At the military’s Arlington, Va., headquarters and on bases around the world, supervisors have been cloistering one-on-one with 3 million active-duty military, civilians and reservists to tell them whether to report to work Tuesday morning. The payroll staff has scrambled to figure out how Pentagon computers would cut paychecks if much of the staff was told to stay home. On Friday, assorted deputies, assistants and analysts were scurrying in and out of the offices of Defense Secretary Chuck Hagel and his comptroller, Robert Hale, for last-minute briefings and conference calls with veterans and commanders around the world.

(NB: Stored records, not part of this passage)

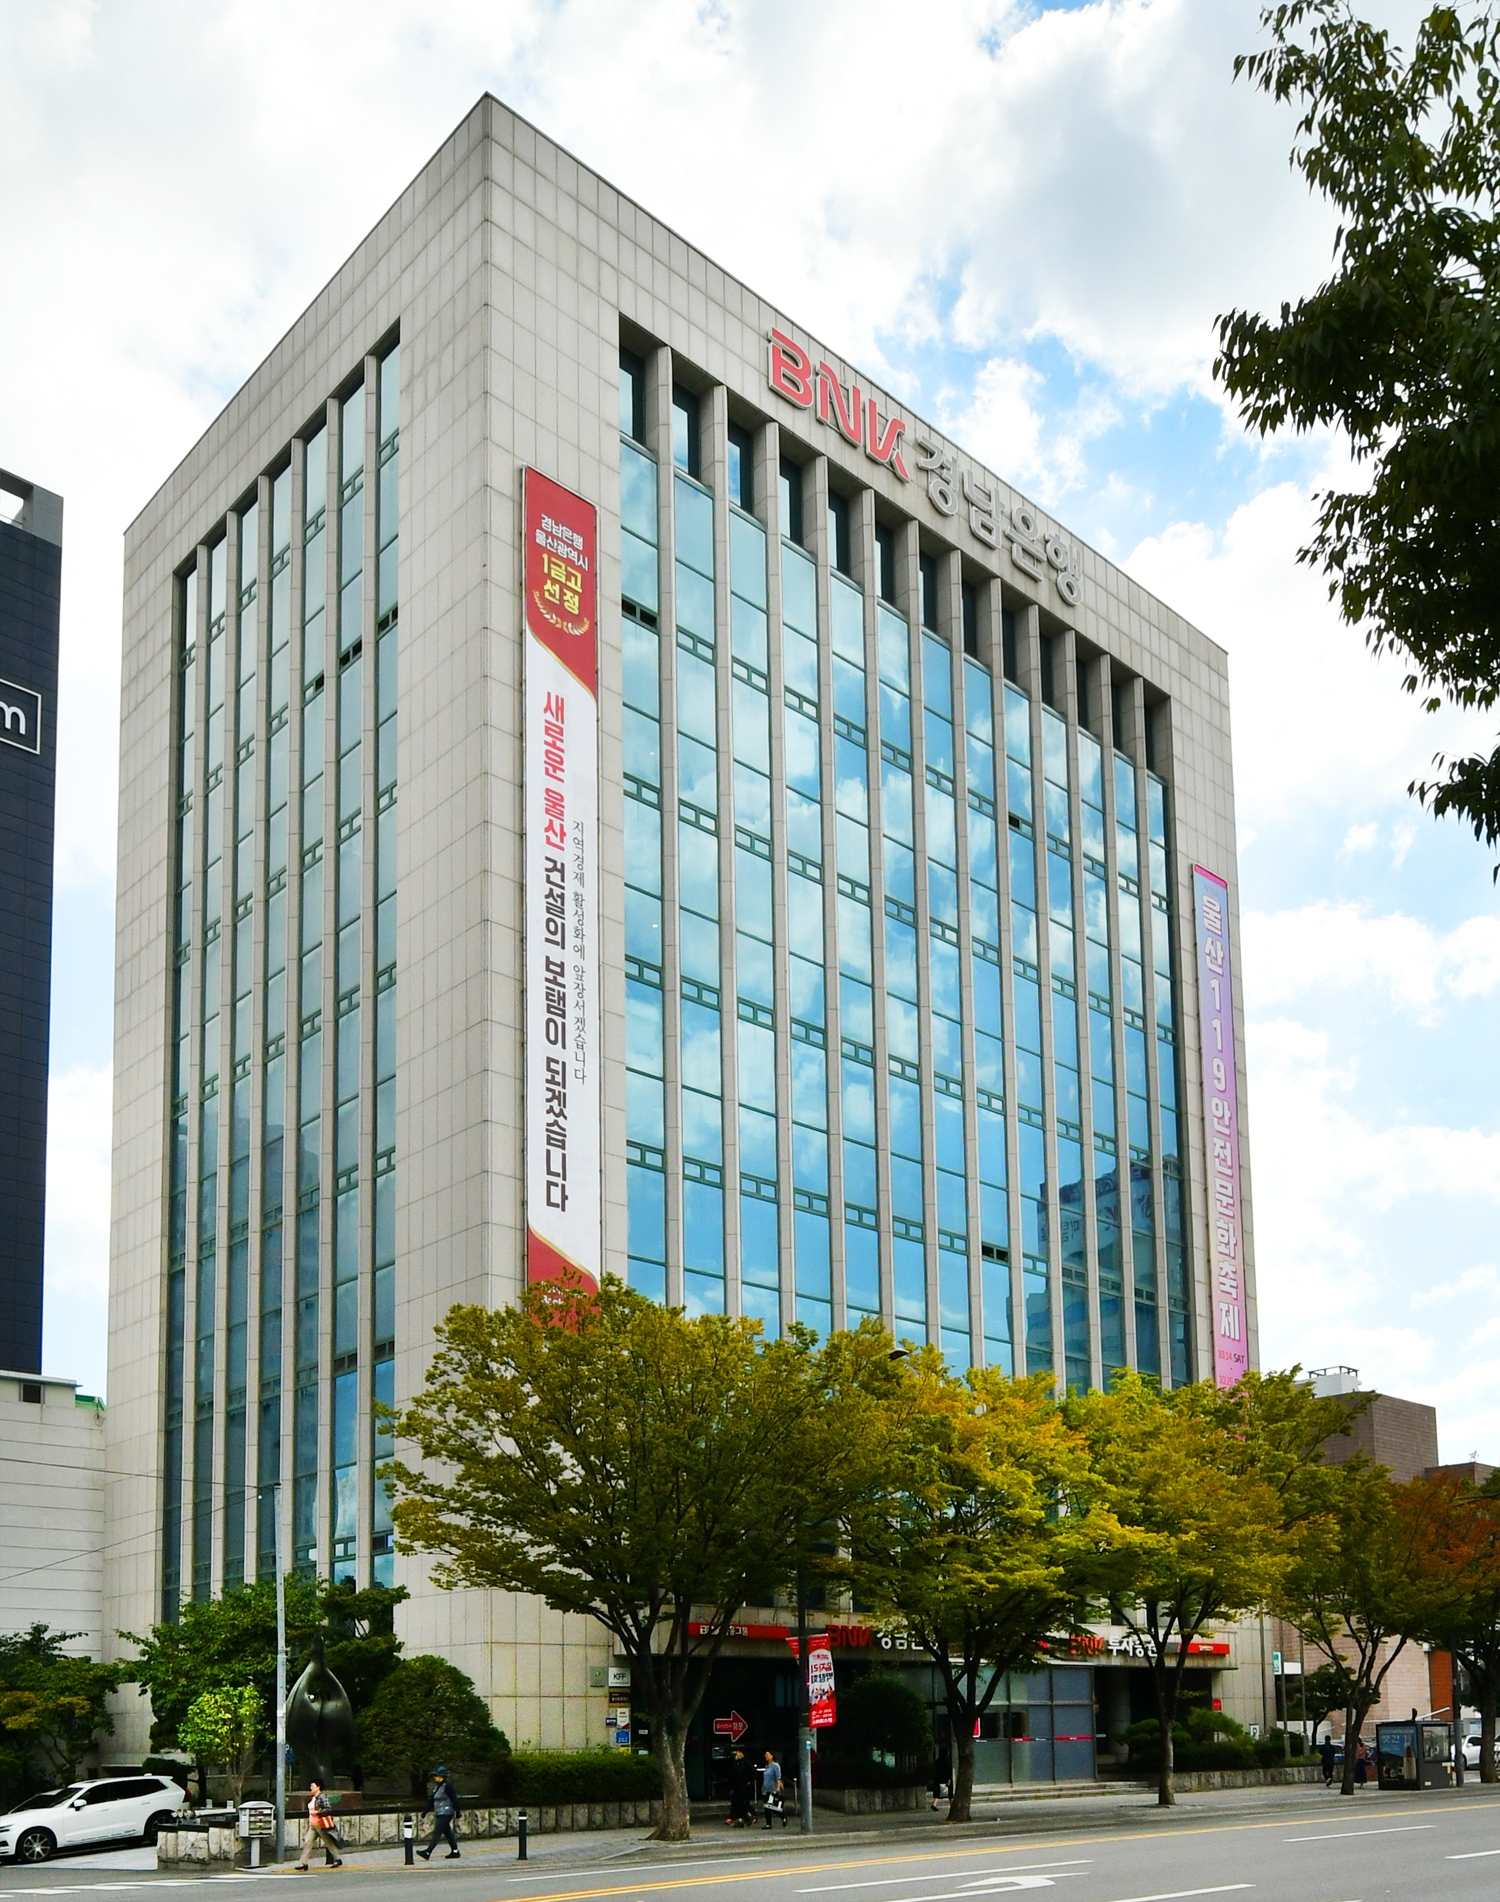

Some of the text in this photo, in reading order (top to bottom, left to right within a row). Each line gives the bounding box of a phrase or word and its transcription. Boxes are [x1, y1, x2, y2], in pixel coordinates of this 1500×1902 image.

[768, 327, 1083, 606] BNK 경남은행
[535, 529, 589, 571] 울산광역시
[541, 513, 583, 550] 경남은행
[542, 553, 583, 593] 1금고
[543, 690, 569, 1212] 새로운 울산 건설의 보탬이 되겠습니다
[572, 820, 587, 1085] 지역경제 활성화에 앞장서겠습니다
[1233, 1353, 1245, 1364] SAT
[826, 1624, 873, 1647] BNK

“The planning itself is disruptive,” an exhausted Hale told reporters. “People are worrying right now about whether their paychecks are going to be delayed, rather than focusing fully on their mission.”
Shutdown planning has eaten up “probably thousands of hours in employee time better spent on supporting national security,” Hale said.

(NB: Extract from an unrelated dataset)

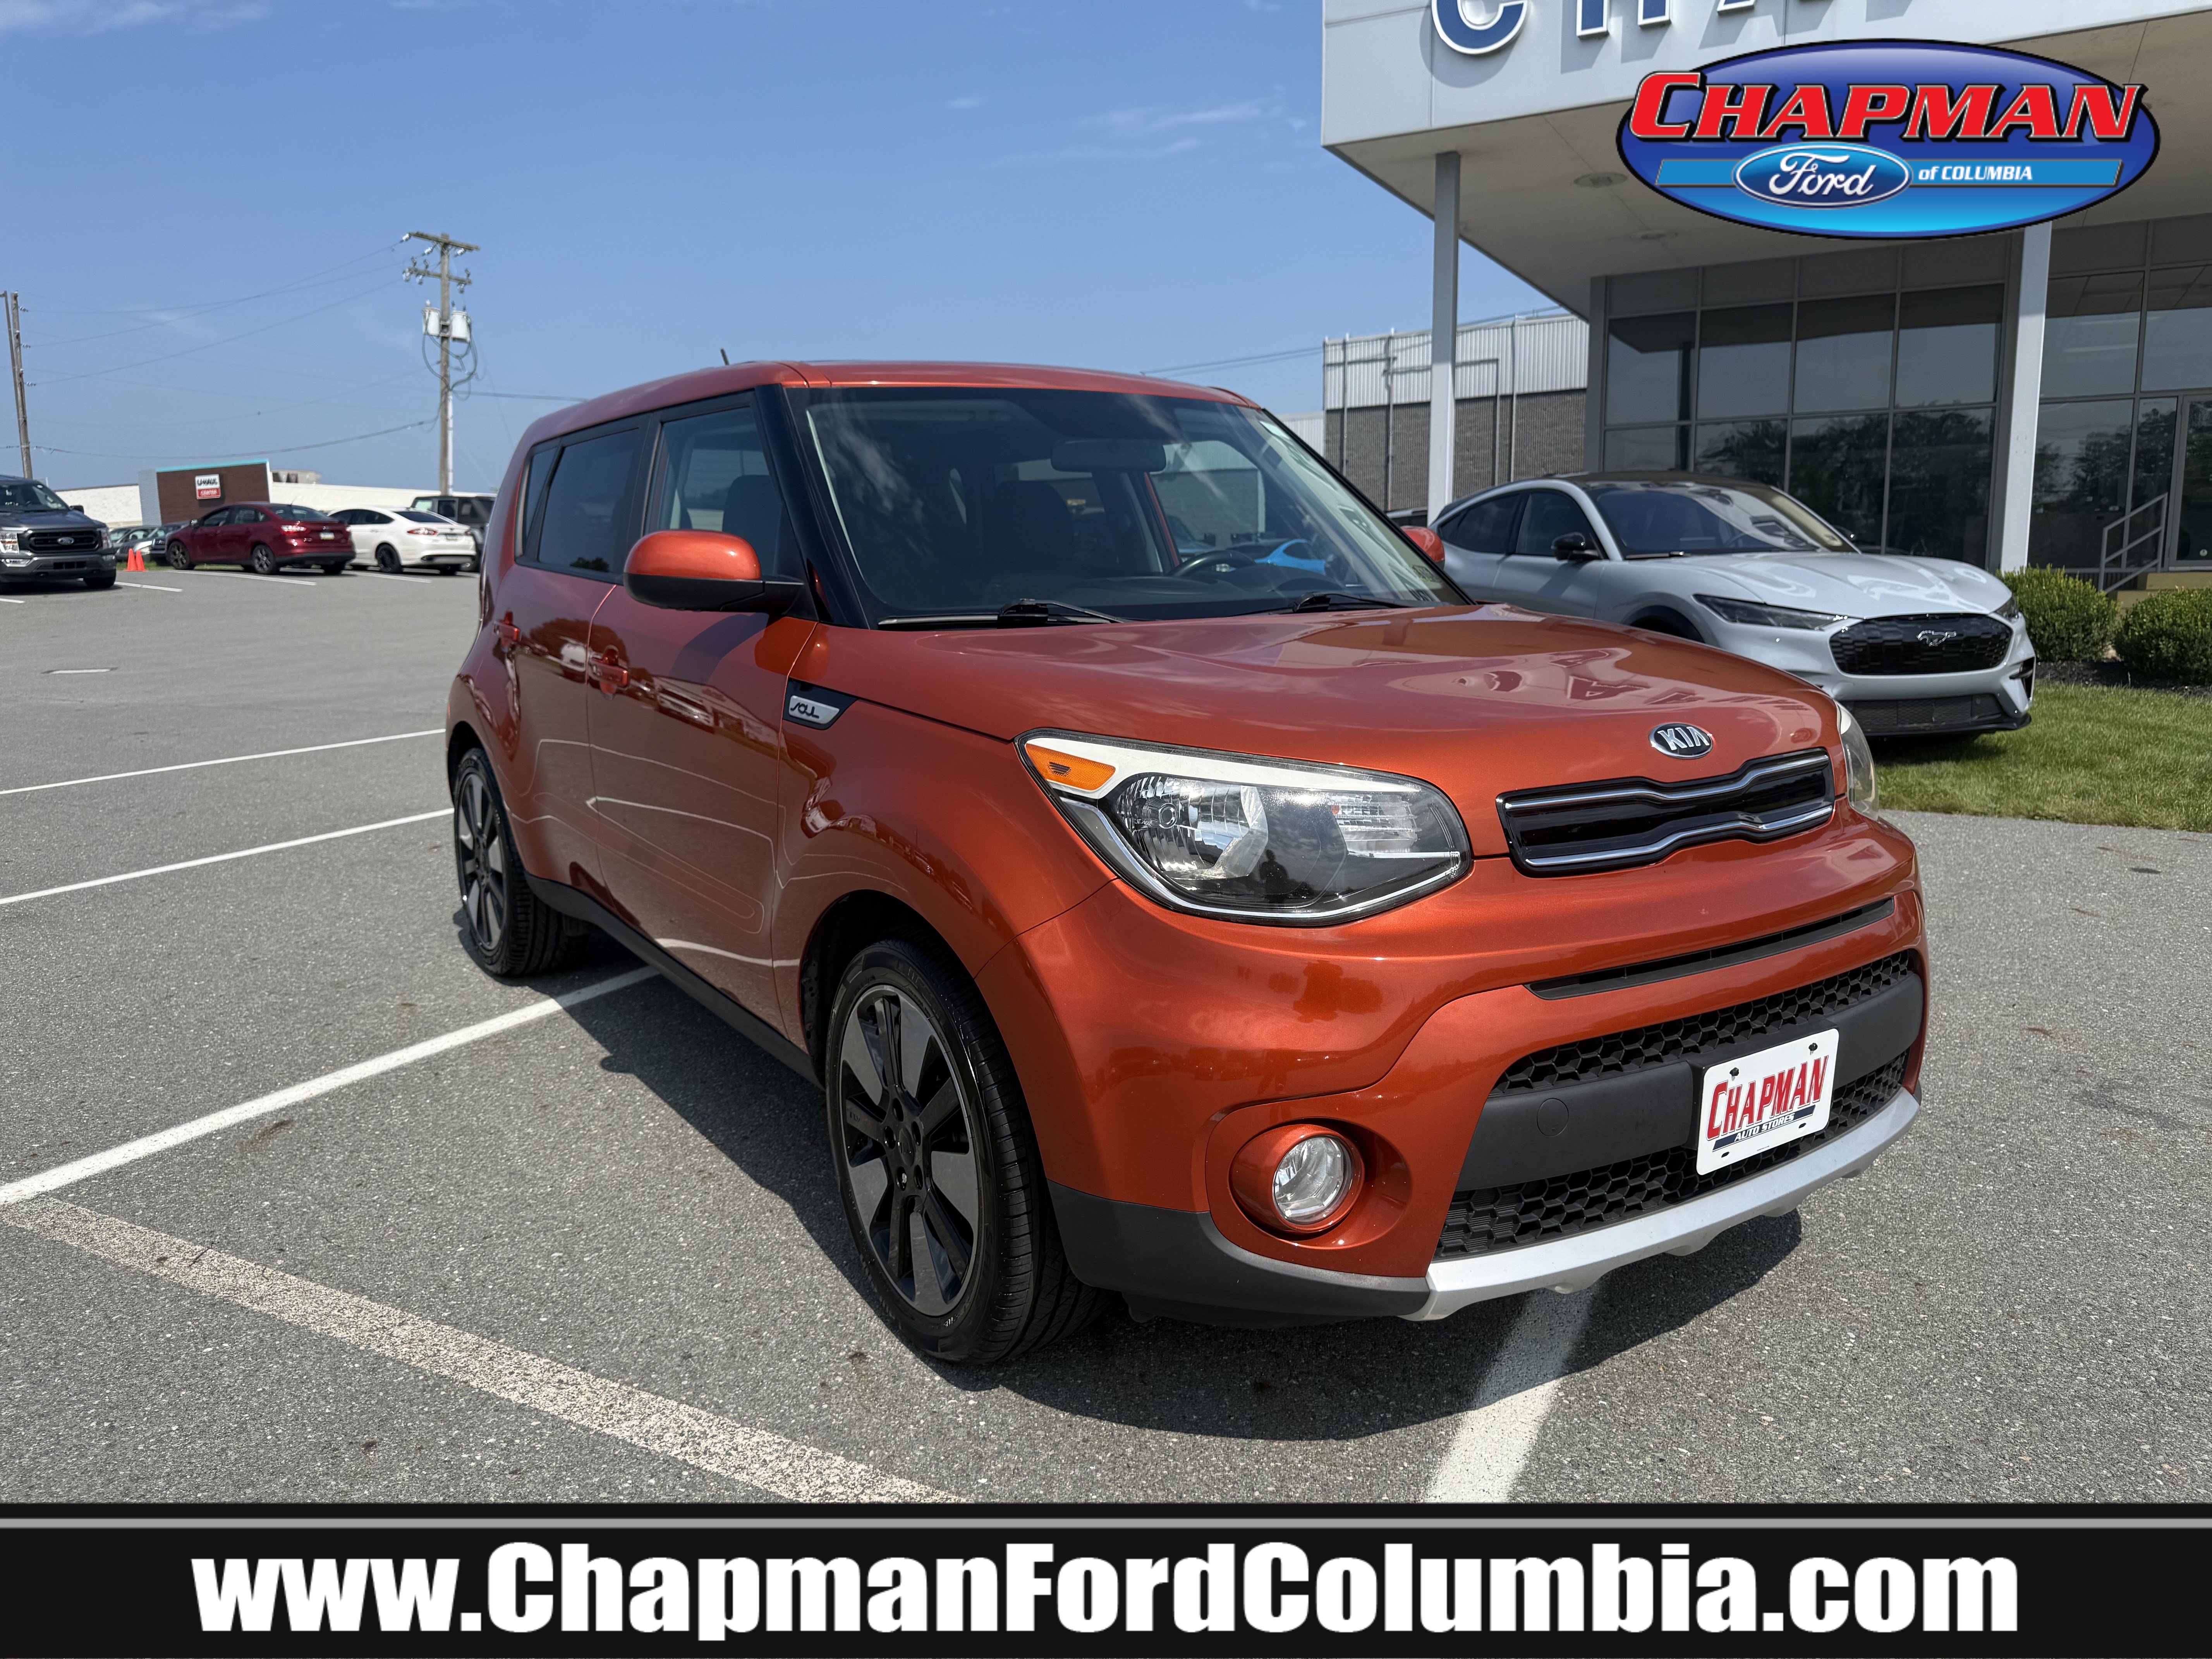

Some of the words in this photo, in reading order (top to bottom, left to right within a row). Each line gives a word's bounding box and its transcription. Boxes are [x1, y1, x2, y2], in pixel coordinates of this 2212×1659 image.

The tempo was similar at just about every federal agency this week, with managers racing from planning meetings to town hall gatherings with their employees.
Hundreds of thousands of employees who got word Friday that their jobs would not be essential prepared to turn in their government-issued BlackBerrys and iPhones on Tuesday morning, while colleagues who must still report to the office wondered how their agencies would carry out their missions.
In the Defense Department, about 400,000 civilians will have to stay home if Congress does not pass a bill to keep the government open, Hale said.
Preparing for even a partial closure is a unique challenge for the Defense Department, which has a global reach that includes about 200 schools, 250 commissaries, and 700 hospitals and clinics. The department’s mission is singular within the federal government. The Pentagon must continue to support its combat operations in Afghanistan and deployments in many corners of the world.
In his Office of Public Affairs on Friday, Army Col. Steve Warren was coming to grips with the reality facing his staff.
“I’ve got no essentials in here, and I’m concerned,” Warren said.
Warren was worrying about manning hundreds of Pentagon websites and Twitter and Facebook, which get information to the public.
“Guess who runs most of them?” he said. “Civilians who are not essential.
“There’s no simple answer to any of this,” Warren said.